Directions:
Here are the records. Write out exactly the lines between the one holding "this 1200×1600 image." and the one holding "this 1920×1440 image.", inclusive.

Extracted material:
——

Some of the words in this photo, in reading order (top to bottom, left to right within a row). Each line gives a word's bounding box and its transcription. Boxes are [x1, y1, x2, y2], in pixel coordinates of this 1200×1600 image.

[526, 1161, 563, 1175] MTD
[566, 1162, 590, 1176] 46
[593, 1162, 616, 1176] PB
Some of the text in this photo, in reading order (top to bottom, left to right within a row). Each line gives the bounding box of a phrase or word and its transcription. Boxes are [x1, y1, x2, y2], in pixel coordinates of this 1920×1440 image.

——

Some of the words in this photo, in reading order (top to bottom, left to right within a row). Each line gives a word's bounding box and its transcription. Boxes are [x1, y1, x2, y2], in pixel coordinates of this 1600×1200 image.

——

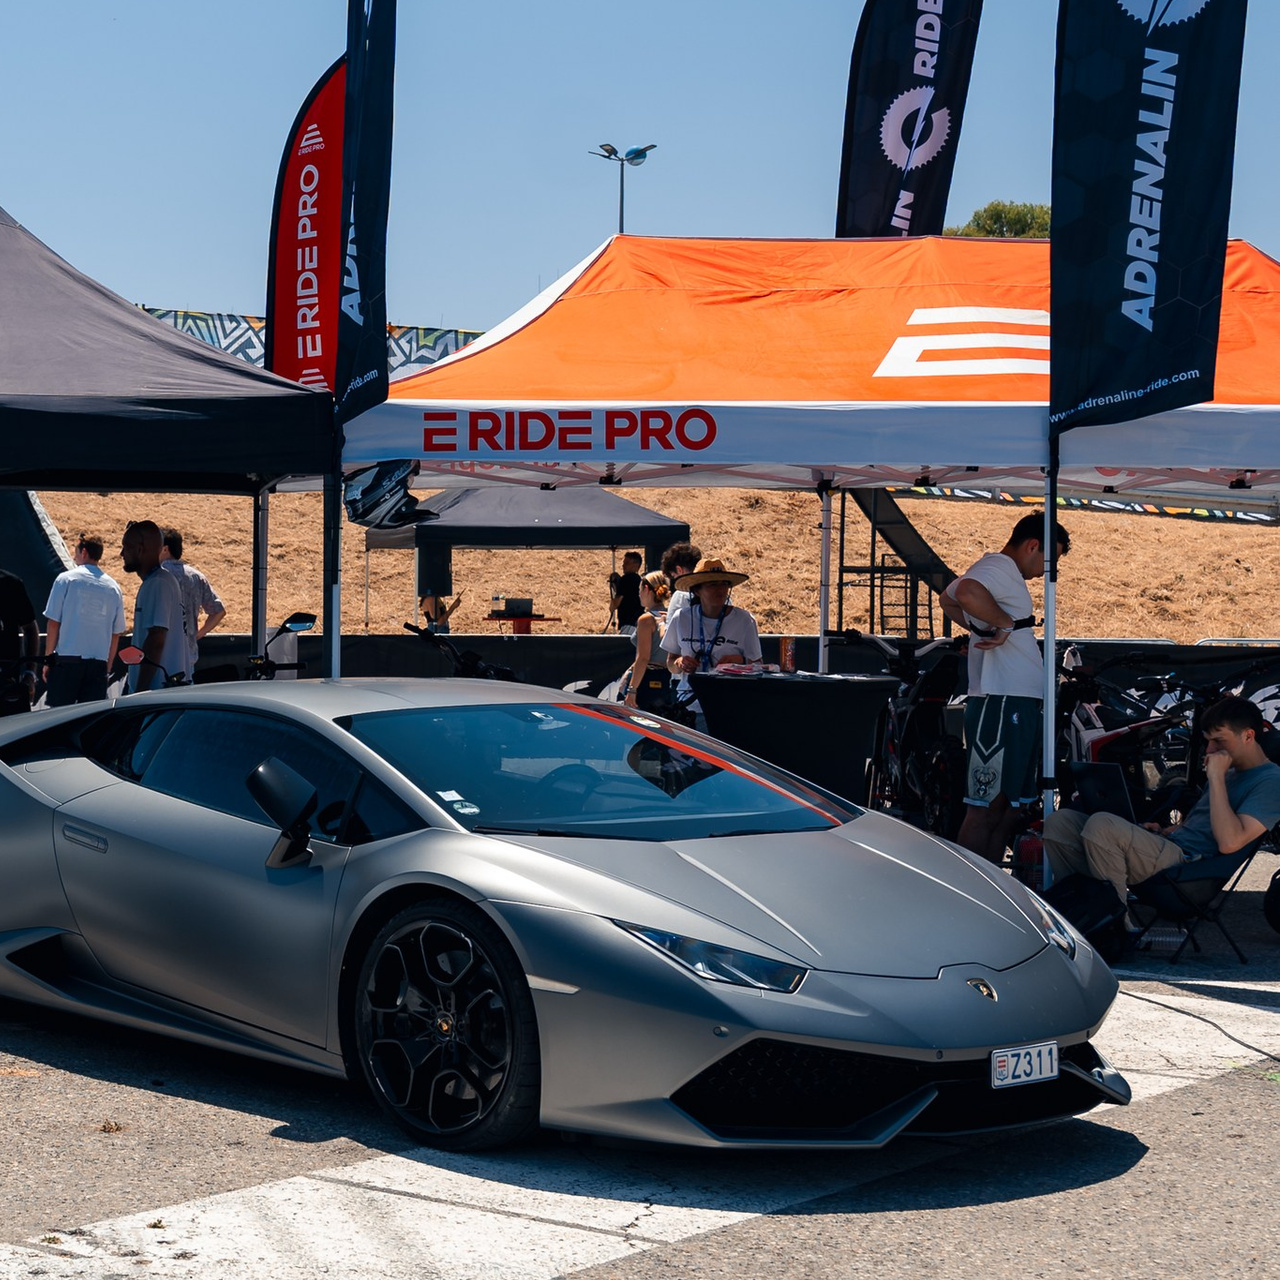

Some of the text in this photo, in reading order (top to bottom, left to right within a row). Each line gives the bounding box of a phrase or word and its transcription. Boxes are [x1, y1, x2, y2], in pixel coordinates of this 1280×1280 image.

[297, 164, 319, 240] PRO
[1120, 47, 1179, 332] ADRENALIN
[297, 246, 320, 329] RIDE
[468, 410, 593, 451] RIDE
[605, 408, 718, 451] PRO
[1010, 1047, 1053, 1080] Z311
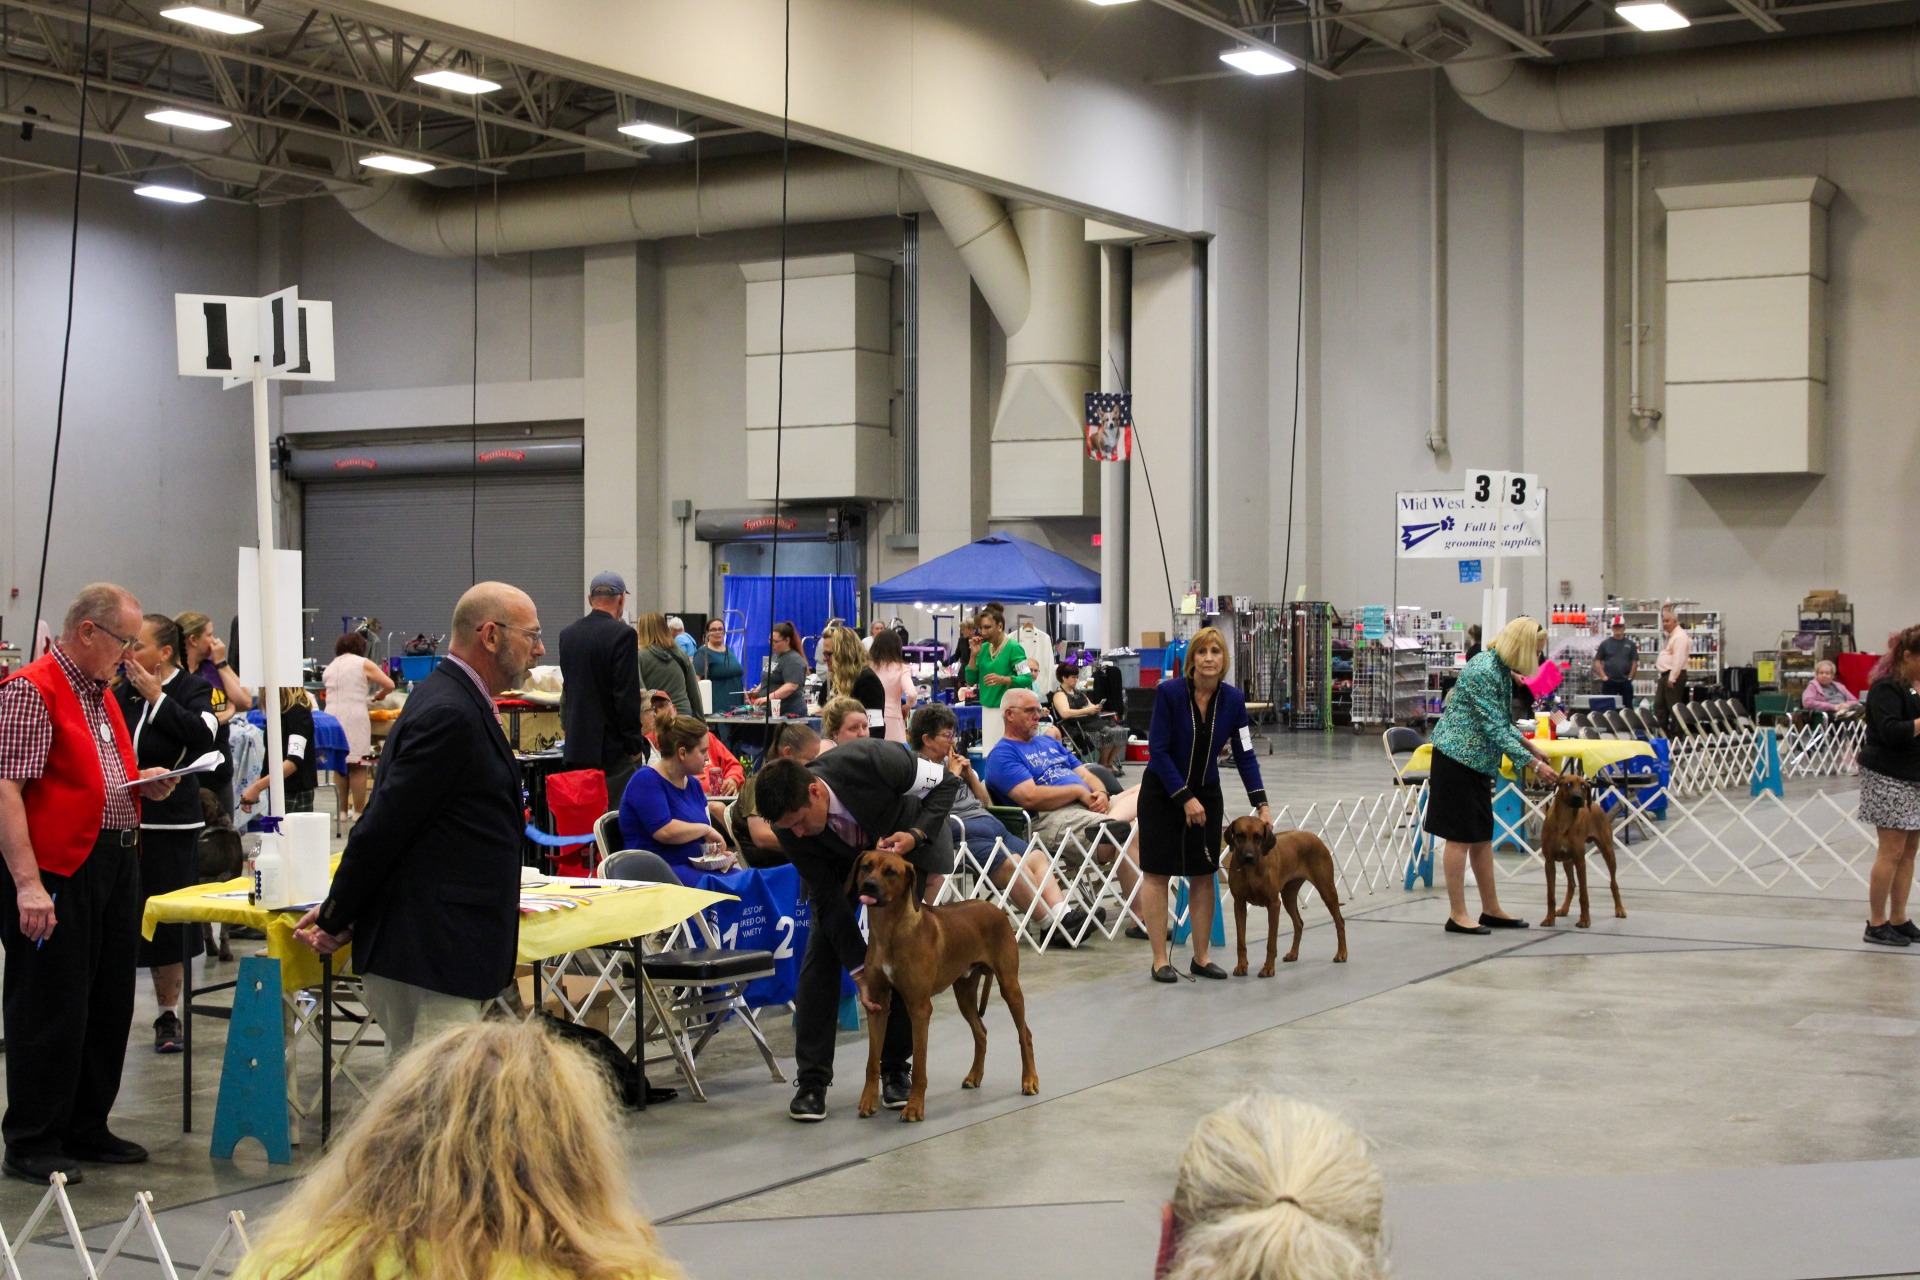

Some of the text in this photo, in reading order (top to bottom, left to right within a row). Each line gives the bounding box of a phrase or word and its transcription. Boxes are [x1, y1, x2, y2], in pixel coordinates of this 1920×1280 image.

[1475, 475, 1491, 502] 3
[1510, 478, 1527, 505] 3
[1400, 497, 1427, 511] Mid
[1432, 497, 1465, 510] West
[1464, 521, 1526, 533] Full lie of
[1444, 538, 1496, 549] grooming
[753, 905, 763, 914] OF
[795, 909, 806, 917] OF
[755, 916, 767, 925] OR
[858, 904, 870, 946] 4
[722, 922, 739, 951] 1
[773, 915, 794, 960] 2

——

Answer to this exercise:
Some of the words in this photo, in reading order (top to bottom, left to right within a row). Each line gives a word's bounding box and its transcription. Boxes are [x1, y1, x2, y2], in pixel coordinates of this 1200×1600 image.

[526, 1161, 563, 1175] MTD
[566, 1162, 590, 1176] 46
[593, 1162, 616, 1176] PB
Some of the text in this photo, in reading order (top to bottom, left to right within a row). Each line gives the bounding box of a phrase or word and its transcription. Boxes are [x1, y1, x2, y2], in pixel coordinates of this 1920×1440 image.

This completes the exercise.